Write out the records again exactly and exclude the pictures.

* **Records provided**:
⟨
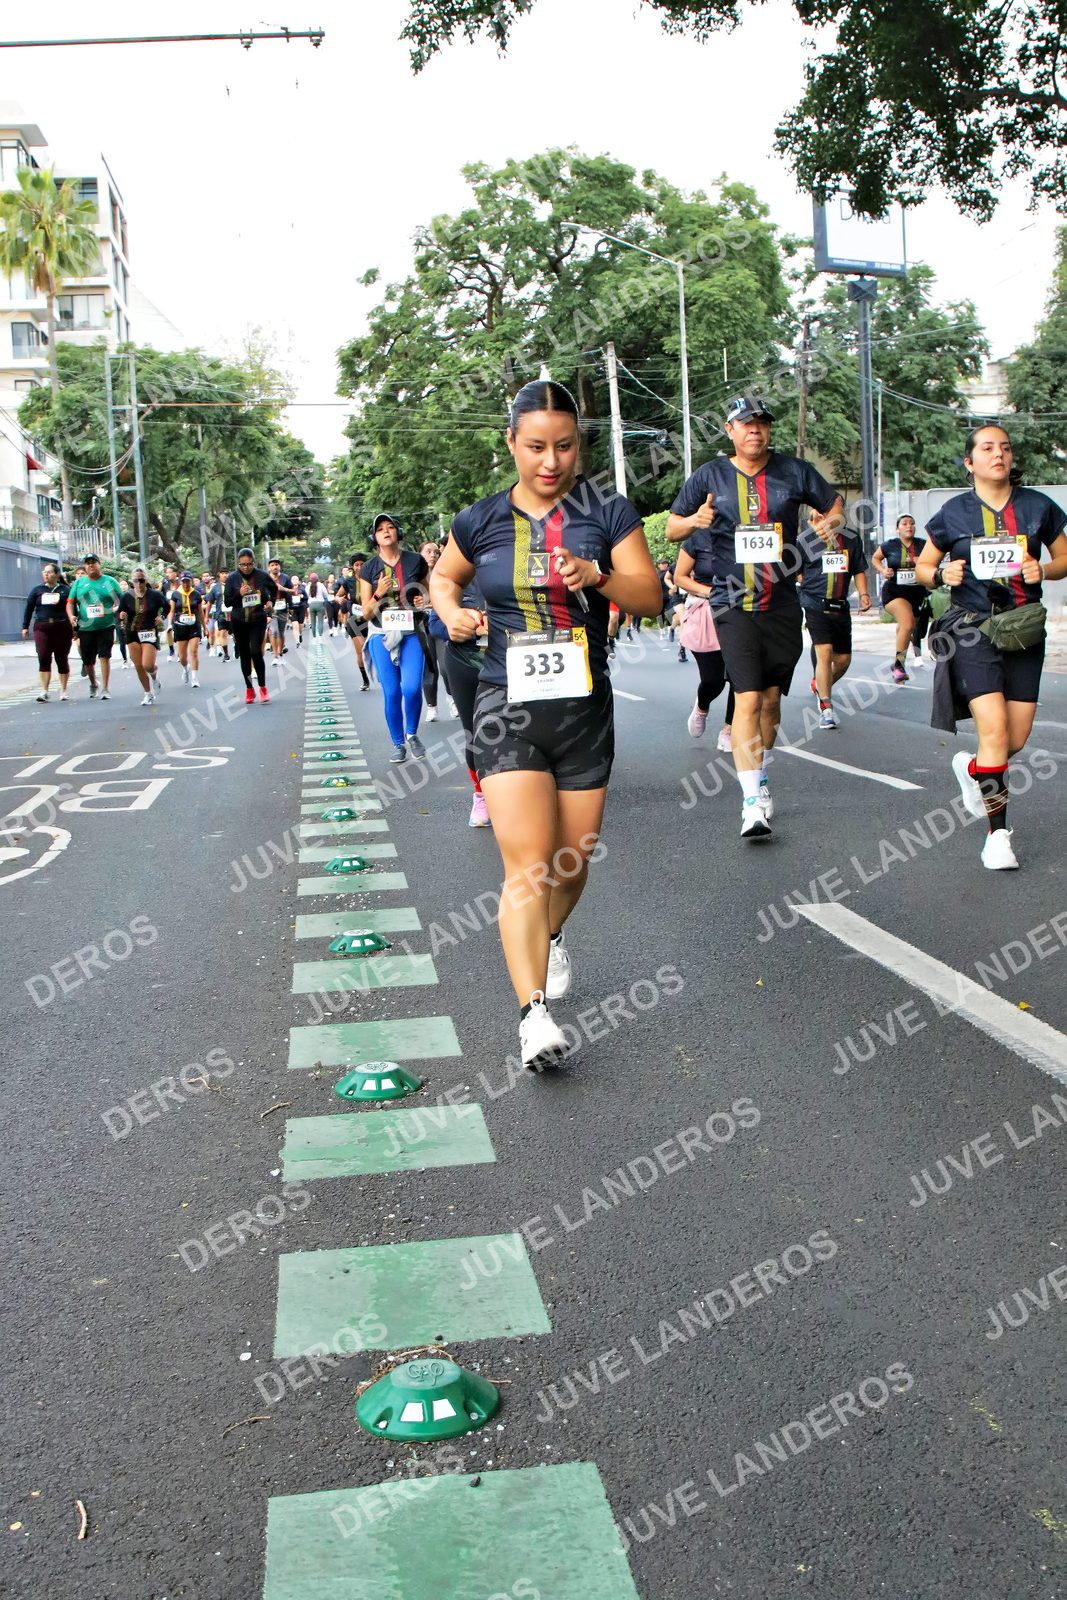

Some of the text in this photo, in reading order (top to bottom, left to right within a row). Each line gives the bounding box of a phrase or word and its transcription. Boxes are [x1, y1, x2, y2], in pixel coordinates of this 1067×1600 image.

[742, 536, 773, 549] 1634
[826, 556, 844, 565] 6675
[979, 549, 1014, 564] 1922
[390, 613, 406, 622] 942
[524, 652, 565, 677] 333
⟩
* **Output of the exercise**:
Some of the text in this photo, in reading order (top to bottom, left to right within a row). Each line gives the bounding box of a phrase or word and its transcription. Boxes are [x1, y1, x2, y2], in pixel coordinates of this 1067×1600 image.

[742, 536, 773, 549] 1634
[826, 556, 844, 565] 6675
[979, 549, 1014, 564] 1922
[390, 613, 406, 622] 942
[524, 652, 565, 677] 333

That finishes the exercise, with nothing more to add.